Mas os requerentes, apoiados por cerca de 20 associações, sublinham que a medida empurrou as prostitutas para a clandestinidade, as expondo ainda mais a ataques e infecções sexualmente transmissíveis.
"Como tenho menos clientes, minha possibilidade de escolha foi reduzida. E desde esta lei, sou obrigada a aceitar práticas (e preços) que antes tinha a possibilidade de recusar", testemunhou em anonimato A.M., sublinhando sua "grande dificuldade, até mesmo uma impossibilidade, de imposição do preservativo".
"Eu poderia classificar e escolher o cliente, depois dessa lei, como passaram a ser raros, corro riscos", relatou também anonimamente S.T., citada na resolução do TEDH. "Alguns colegas foram agredidos e roubados e isso nunca tinha acontecido antes."
Os requerentes apresentaram um pedido perante o Tribunal de Estrasburgo em 2019. Os profissionais do sexo salientaram que a lei de 2016 violava o direito ao respeito pela vida privada, protegido pelo artigo 8.º da Convenção dos Direitos Humanos, incluindo o direito à autonomia pessoal e à liberdade sexual.
Dificuldades e riscos inegáveis
Em sua resolução, o TEDH sublinha que está "plenamente consciente das dificuldades e dos riscos - inegáveis ??- a que as prostitutas estão expostas no exercício da sua atividade", incluindo os riscos para a saúde e a segurança.

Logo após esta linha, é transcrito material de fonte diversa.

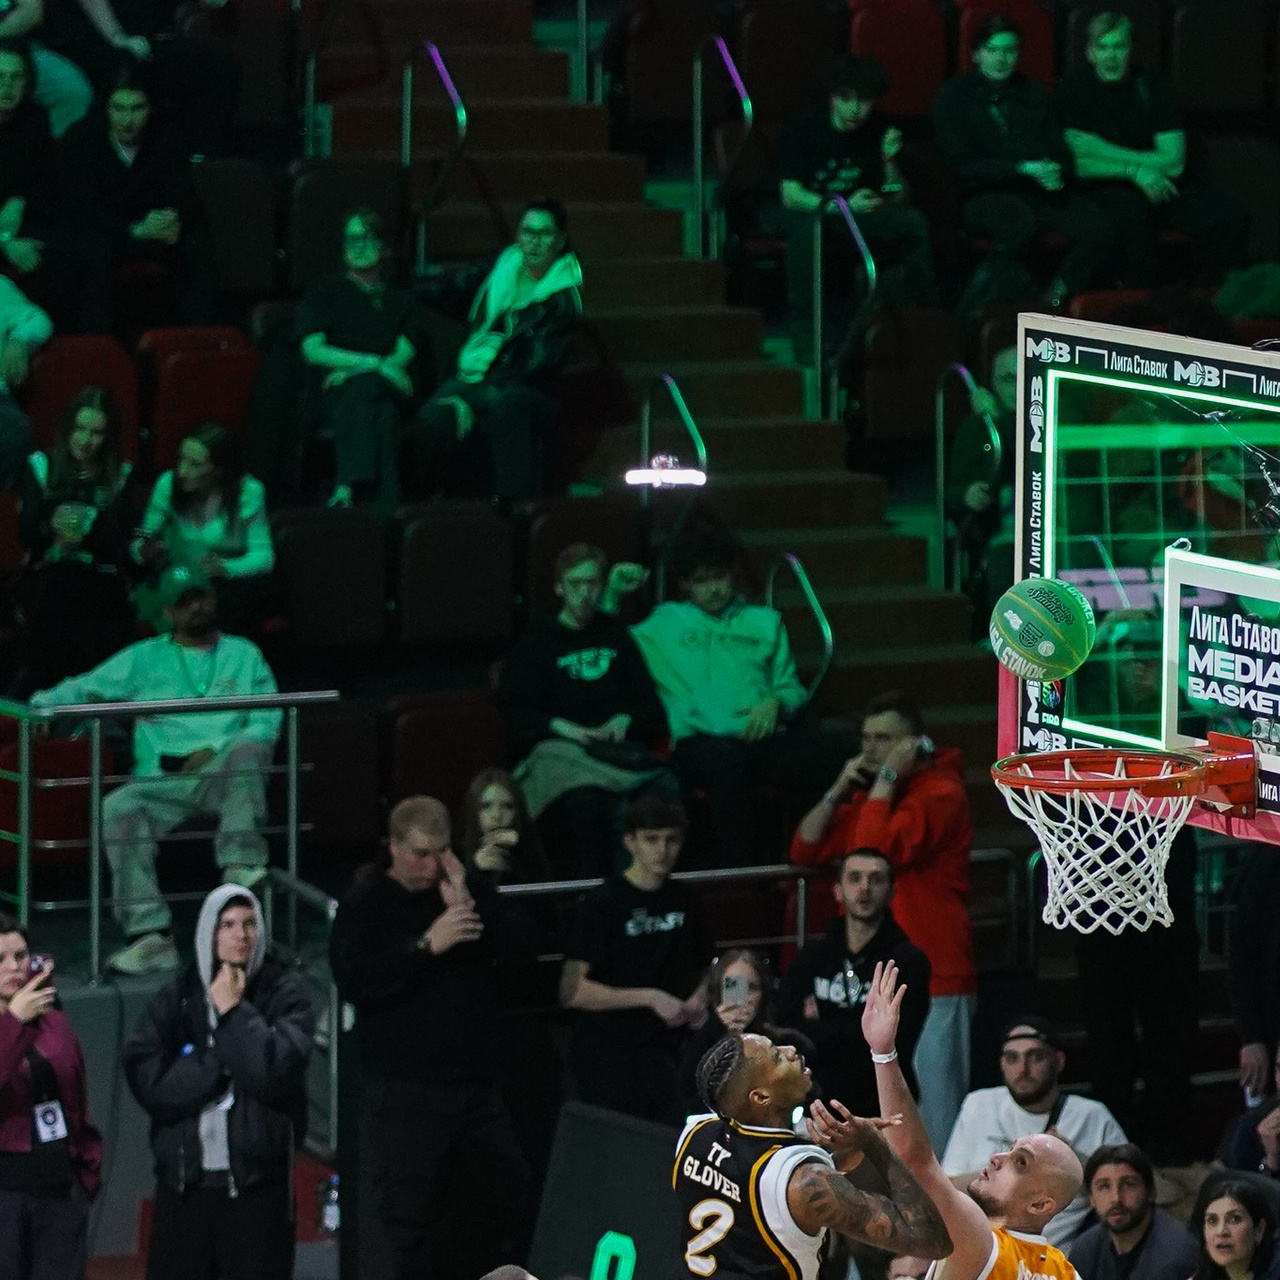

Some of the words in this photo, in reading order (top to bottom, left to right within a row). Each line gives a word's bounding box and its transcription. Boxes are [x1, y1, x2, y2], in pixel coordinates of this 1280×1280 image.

A instância indica, no entanto, que estes "fenômenos já estavam presentes e observados antes da adoção da lei" de 2016, "tendo os mesmos efeitos negativos sido atribuídos no passado à introdução do crime de solicitação no direito francês".
"Não há unanimidade sobre a questão de saber se os efeitos negativos descritos pelos requerentes são diretamente causados ??pela medida que constitui a criminalização da compra de atos sexuais, ou de sua venda, ou são inerentes e intrínsecos ao fenômeno da prostituição enquanto tal ou que seriam o resultado de todo um conjunto de fatores sociais e práticas comportamentais", indica o Tribunal.
Considerando que "as autoridades francesas alcançaram um equilíbrio justo entre os interesses concorrentes em jogo" e não "excederam a (sua) margem de apreciação", o TEDH decidiu que não houve violação do artigo 8.º.
No entanto, convida as autoridades nacionais a "manterem sob constante revisão" sua abordagem nesta matéria "de forma a poder matizá-la" de acordo com a evolução da sociedade.